Combine train and validation tags for consistent encoding.

In [None]:
# Fit label encoder on combined train + eval tags
le = LabelEncoder()
all_tags = pd.concat([df_train['Tag'], df_eval['Tag']]).unique()
le.fit(all_tags)

# Transform training labels
df_train['Tag'] = le.transform(df_train['Tag'])

# Display label mapping
label_mapping = dict(zip(le.classes_, le.transform(le.classes_)))
print(f'Label mapping: {label_mapping}')
print(f'Number of labels: {len(le.classes_)} (expected: 8)')

## 3. Model Configuration

**Model:** setu4993/LaBSE (Language-agnostic BERT Sentence Embedding)

**Hyperparameters (from paper Section 4.1):**
- Training epochs: **10**
- Batch size: **32**
- Optimizer: Adam
- Number of labels: **8** (for Tamil)

In [None]:
# Clear GPU cache
torch.cuda.empty_cache()

# Initialize model with paper's hyperparameters
model = ClassificationModel(
    'bert',
    'setu4993/LaBSE',
    num_labels=8,
    use_cuda=torch.cuda.is_available(),
    args={
        'reprocess_input_data': True,
        'use_cached_eval_features': False,
        'overwrite_output_dir': True,
        'num_train_epochs': 10,
        'train_batch_size': 32,
        'eval_batch_size': 32,
        'save_steps': 500,
        'logging_steps': 100,
        'output_dir': '../models/tamil/',
        'best_model_dir': '../models/tamil/best_model/'
    }
)

print('Model initialized successfully!')

## 4. Model Training

In [None]:
# Train the model
model.train_model(df_train)
print('Training completed!')

## 5. Model Evaluation

In [None]:
# Transform validation labels
df_eval['Tag'] = le.transform(df_eval['Tag'])

# Evaluate model
result, model_outputs, wrong_predictions = model.eval_model(df_eval)
print(f'\nEvaluation Results: {result}')

## 6. Performance Analysis

In [None]:
# Get predictions
y_true = df_eval['Tag'].values
y_pred = np.argmax(model_outputs, axis=1)

# Confusion Matrix
cm = confusion_matrix(y_true, y_pred)
print('Confusion Matrix:')
print(cm)

# Plot confusion matrix
plt.figure(figsize=(10, 8))
sns.heatmap(cm, annot=True, fmt='d', cmap='Blues')
plt.xlabel('Predicted')
plt.ylabel('Actual')
plt.title('Confusion Matrix - Tamil')
plt.savefig('../results/tamil_confusion_matrix.png', dpi=300, bbox_inches='tight')
plt.show()

# Classification Report
print('\nClassification Report:')
print(classification_report(y_true, y_pred, target_names=le.classes_))

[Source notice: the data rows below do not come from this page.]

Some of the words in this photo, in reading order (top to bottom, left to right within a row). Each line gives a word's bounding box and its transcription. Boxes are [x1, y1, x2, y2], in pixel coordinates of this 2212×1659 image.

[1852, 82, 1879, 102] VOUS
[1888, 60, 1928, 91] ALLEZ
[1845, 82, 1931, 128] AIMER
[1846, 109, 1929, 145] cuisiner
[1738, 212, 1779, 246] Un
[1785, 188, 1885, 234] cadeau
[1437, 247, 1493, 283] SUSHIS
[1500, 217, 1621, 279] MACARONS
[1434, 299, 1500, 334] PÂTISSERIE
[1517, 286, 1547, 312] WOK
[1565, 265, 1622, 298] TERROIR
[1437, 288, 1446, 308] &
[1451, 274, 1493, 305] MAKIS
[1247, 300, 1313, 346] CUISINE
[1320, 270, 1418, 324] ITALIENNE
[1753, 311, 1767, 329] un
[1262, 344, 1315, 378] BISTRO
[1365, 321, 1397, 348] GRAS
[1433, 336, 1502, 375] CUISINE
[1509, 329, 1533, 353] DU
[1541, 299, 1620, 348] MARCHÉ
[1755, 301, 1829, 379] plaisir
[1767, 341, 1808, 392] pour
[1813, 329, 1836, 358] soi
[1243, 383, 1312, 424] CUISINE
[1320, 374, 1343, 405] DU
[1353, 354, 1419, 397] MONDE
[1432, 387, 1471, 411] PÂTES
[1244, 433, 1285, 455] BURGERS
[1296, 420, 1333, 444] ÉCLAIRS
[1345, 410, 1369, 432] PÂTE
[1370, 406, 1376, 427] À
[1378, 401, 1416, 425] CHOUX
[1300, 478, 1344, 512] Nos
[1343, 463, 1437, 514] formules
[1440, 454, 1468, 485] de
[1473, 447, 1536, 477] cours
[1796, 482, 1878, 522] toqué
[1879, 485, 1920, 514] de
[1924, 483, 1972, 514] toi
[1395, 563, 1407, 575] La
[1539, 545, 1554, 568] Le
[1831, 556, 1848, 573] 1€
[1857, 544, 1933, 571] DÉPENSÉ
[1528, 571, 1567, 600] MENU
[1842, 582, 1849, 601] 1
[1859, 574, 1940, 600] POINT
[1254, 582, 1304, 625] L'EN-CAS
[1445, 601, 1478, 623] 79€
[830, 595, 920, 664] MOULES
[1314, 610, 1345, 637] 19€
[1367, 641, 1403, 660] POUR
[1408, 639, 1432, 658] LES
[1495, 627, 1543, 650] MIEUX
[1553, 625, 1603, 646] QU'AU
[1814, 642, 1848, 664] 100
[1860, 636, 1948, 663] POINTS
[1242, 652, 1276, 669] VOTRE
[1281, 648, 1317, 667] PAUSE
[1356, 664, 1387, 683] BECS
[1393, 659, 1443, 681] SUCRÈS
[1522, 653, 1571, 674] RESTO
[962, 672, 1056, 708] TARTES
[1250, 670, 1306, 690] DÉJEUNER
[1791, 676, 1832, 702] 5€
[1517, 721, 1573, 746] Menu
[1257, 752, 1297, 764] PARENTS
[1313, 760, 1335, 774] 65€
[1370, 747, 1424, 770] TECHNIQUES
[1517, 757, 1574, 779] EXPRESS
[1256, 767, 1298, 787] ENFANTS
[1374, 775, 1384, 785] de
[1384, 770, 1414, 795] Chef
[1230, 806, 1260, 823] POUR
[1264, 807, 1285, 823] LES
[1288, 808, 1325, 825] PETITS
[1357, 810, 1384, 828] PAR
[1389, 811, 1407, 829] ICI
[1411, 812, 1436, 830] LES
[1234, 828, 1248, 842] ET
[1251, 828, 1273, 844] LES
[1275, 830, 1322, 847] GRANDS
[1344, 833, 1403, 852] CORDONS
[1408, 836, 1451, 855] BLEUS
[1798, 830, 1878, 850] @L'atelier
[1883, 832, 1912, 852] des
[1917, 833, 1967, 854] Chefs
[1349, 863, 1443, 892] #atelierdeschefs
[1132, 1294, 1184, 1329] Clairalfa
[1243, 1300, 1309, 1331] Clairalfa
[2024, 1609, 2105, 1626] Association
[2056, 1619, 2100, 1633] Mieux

## 7. Test Set Predictions

In [None]:
# Load test data
df_test = pd.read_csv('../data/tamil/tm_test.csv')
print(f'Test samples: {len(df_test)}')
df_test.head()

In [None]:
# Make predictions
predictions, raw_outputs = model.predict(df_test['Word'].astype(str).tolist())

# Add predictions to dataframe
df_test['Tag'] = predictions

# Inverse transform to get original labels
df_test['Tag'] = le.inverse_transform(df_test['Tag'])

# Display sample predictions
print('Sample predictions:')
print(df_test.head(20))

In [None]:
# Save predictions
df_test.to_csv('../results/tamil_predictions.csv', index=False)
print('Predictions saved to ../results/tamil_predictions.csv')

## Results Summary

**Expected Results (from paper):**
- Macro F1: **0.7434**
- Macro Precision: 0.7696
- Macro Recall: 0.7353
- Accuracy: 0.9249
- **Competition Rank: 🥇 1st**